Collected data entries
····················

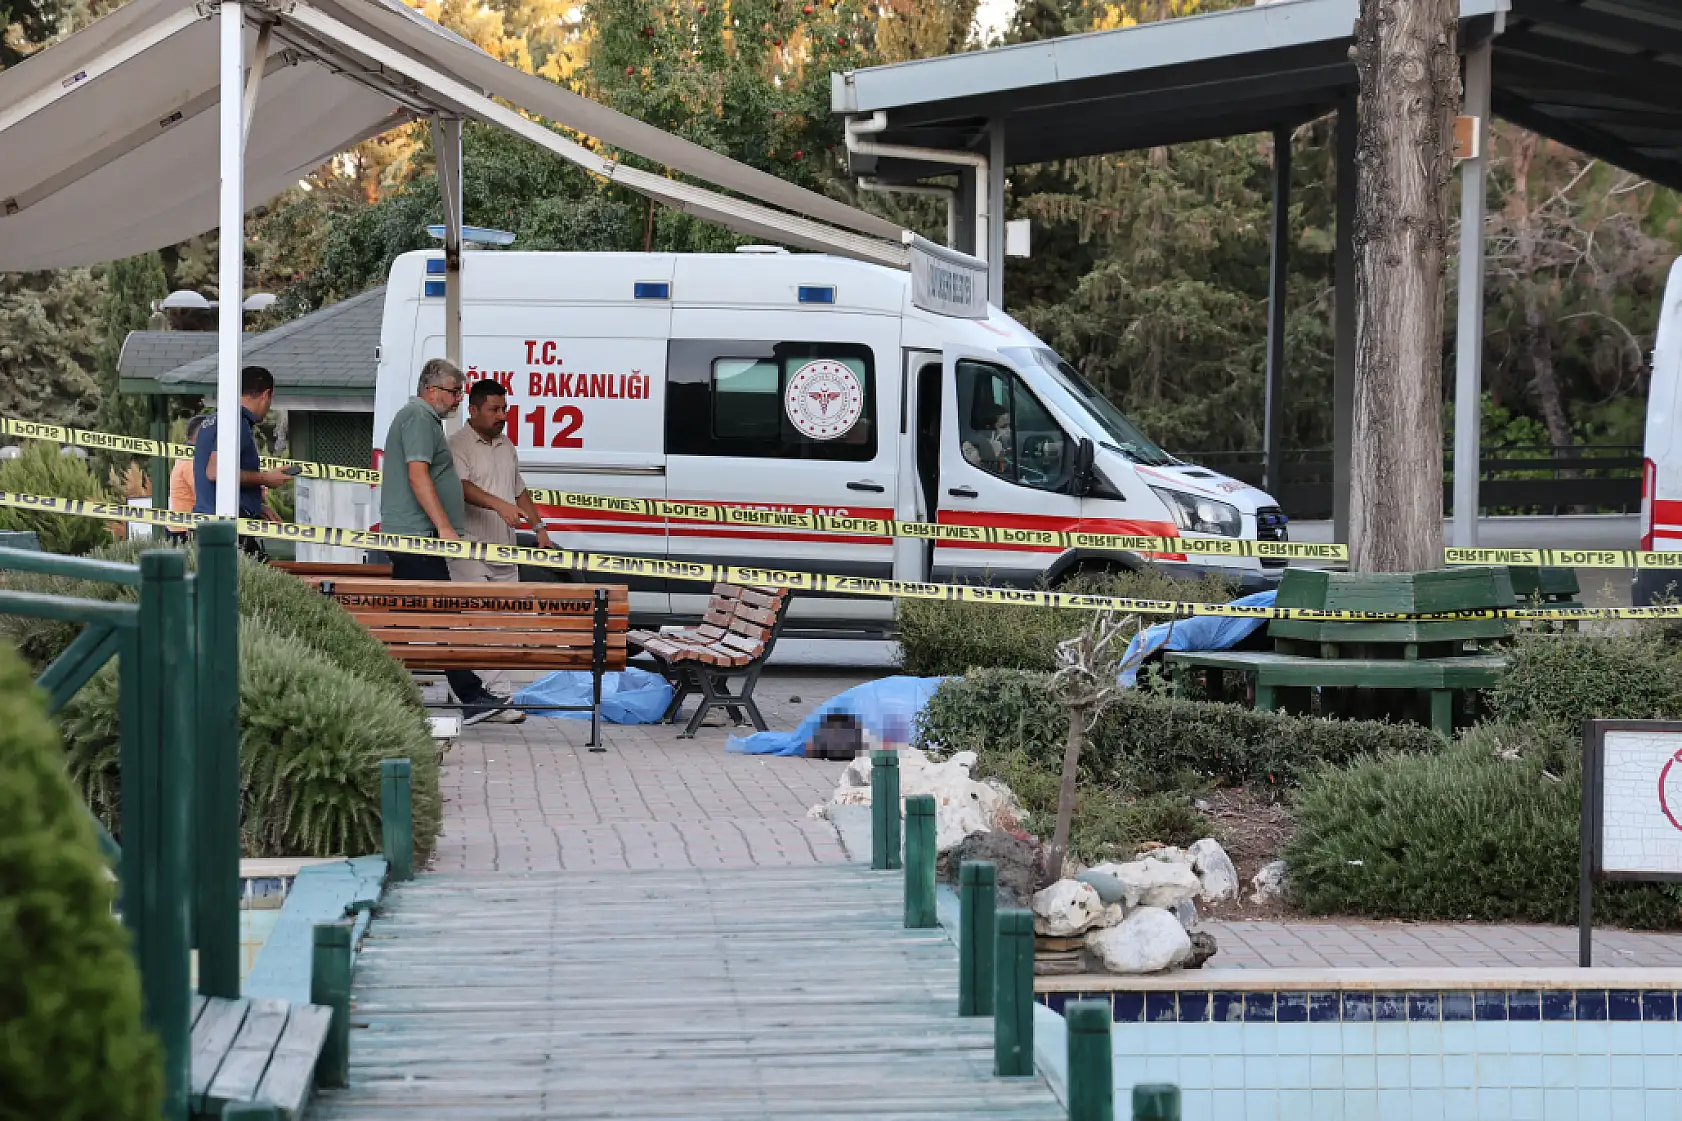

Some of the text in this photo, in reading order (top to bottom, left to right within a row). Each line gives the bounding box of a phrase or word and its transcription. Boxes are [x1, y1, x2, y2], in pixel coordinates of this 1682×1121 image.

[524, 340, 563, 365] T.C.
[527, 369, 650, 400] BAKANLIĞI
[506, 404, 584, 449] 112
[246, 520, 317, 539] POLİS
[496, 545, 564, 565] POLİS

····················

## TASK GOAL
Restate the data above word for word. Skip every picture.

## RESPONSE AREA
Some of the text in this photo, in reading order (top to bottom, left to right within a row). Each line gives the bounding box of a phrase or word and its transcription. Boxes are [x1, y1, x2, y2], in pixel coordinates of this 1682×1121 image.

[524, 340, 563, 365] T.C.
[527, 369, 650, 400] BAKANLIĞI
[506, 404, 584, 449] 112
[246, 520, 317, 539] POLİS
[496, 545, 564, 565] POLİS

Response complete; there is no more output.